Task instructions ▸ Transcribe every record as it stands and set the images aside.

═══ Extracted records

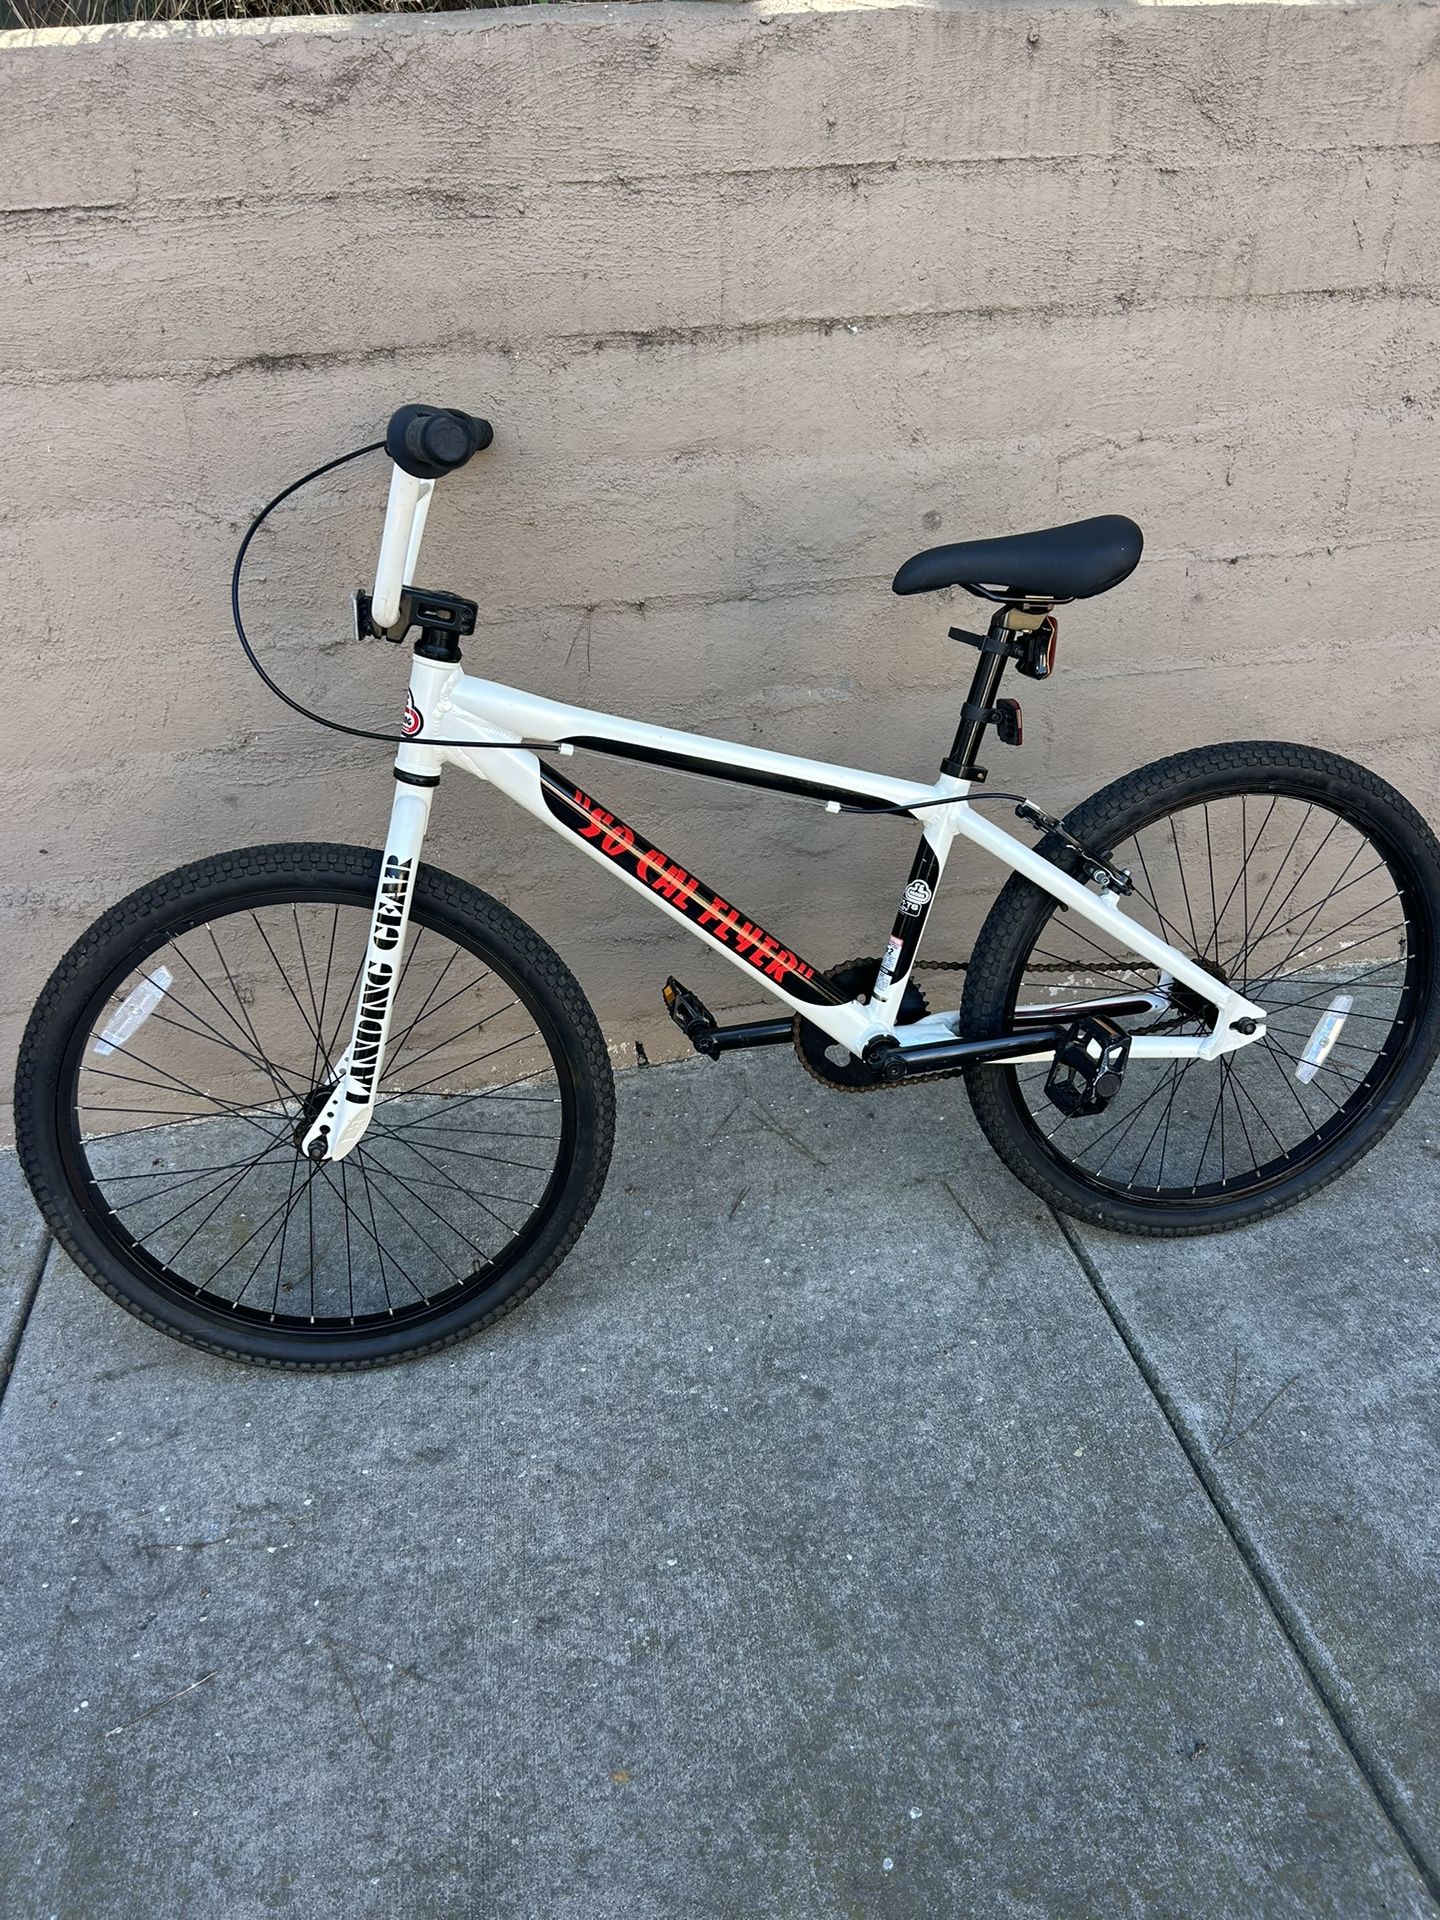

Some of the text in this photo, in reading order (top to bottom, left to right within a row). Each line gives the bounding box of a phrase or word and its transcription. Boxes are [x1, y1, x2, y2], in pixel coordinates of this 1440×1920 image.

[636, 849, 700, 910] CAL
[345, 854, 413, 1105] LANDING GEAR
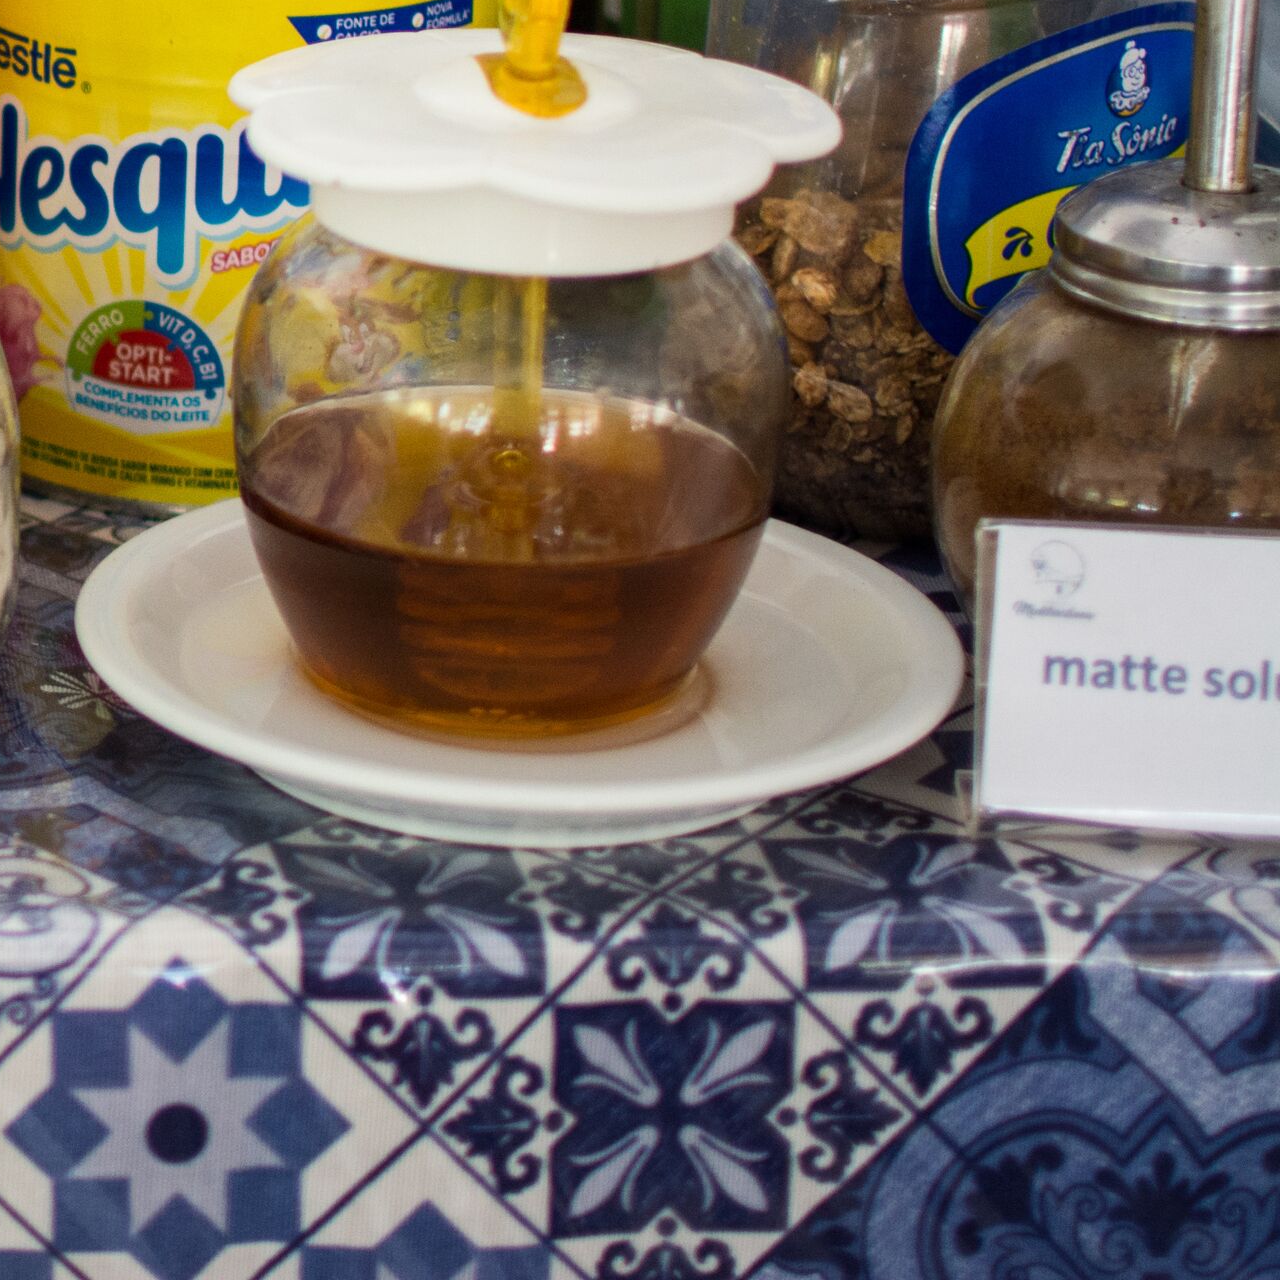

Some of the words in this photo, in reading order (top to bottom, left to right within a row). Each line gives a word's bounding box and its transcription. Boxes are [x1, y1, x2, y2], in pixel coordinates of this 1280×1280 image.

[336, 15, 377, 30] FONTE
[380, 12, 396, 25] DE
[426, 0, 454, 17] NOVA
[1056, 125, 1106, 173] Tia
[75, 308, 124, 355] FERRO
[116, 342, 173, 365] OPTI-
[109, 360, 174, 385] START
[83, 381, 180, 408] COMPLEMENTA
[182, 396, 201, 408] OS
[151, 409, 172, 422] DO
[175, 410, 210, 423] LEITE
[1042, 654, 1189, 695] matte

══════

Response ▸
Some of the text in this photo, in reading order (top to bottom, left to right within a row). Each line gives the bounding box of a phrase or word and its transcription. Boxes are [x1, y1, x2, y2], in pixel coordinates of this 1440×1920 image.

[636, 849, 700, 910] CAL
[345, 854, 413, 1105] LANDING GEAR

Some of the words in this photo, in reading order (top to bottom, left to right within a row). Each line gives a word's bounding box and its transcription. Boxes are [x1, y1, x2, y2], in pixel coordinates of this 1280×1280 image.

[336, 15, 377, 30] FONTE
[380, 12, 396, 25] DE
[426, 0, 454, 17] NOVA
[1056, 125, 1106, 173] Tia
[75, 308, 124, 355] FERRO
[116, 342, 173, 365] OPTI-
[109, 360, 174, 385] START
[83, 381, 180, 408] COMPLEMENTA
[182, 396, 201, 408] OS
[151, 409, 172, 422] DO
[175, 410, 210, 423] LEITE
[1042, 654, 1189, 695] matte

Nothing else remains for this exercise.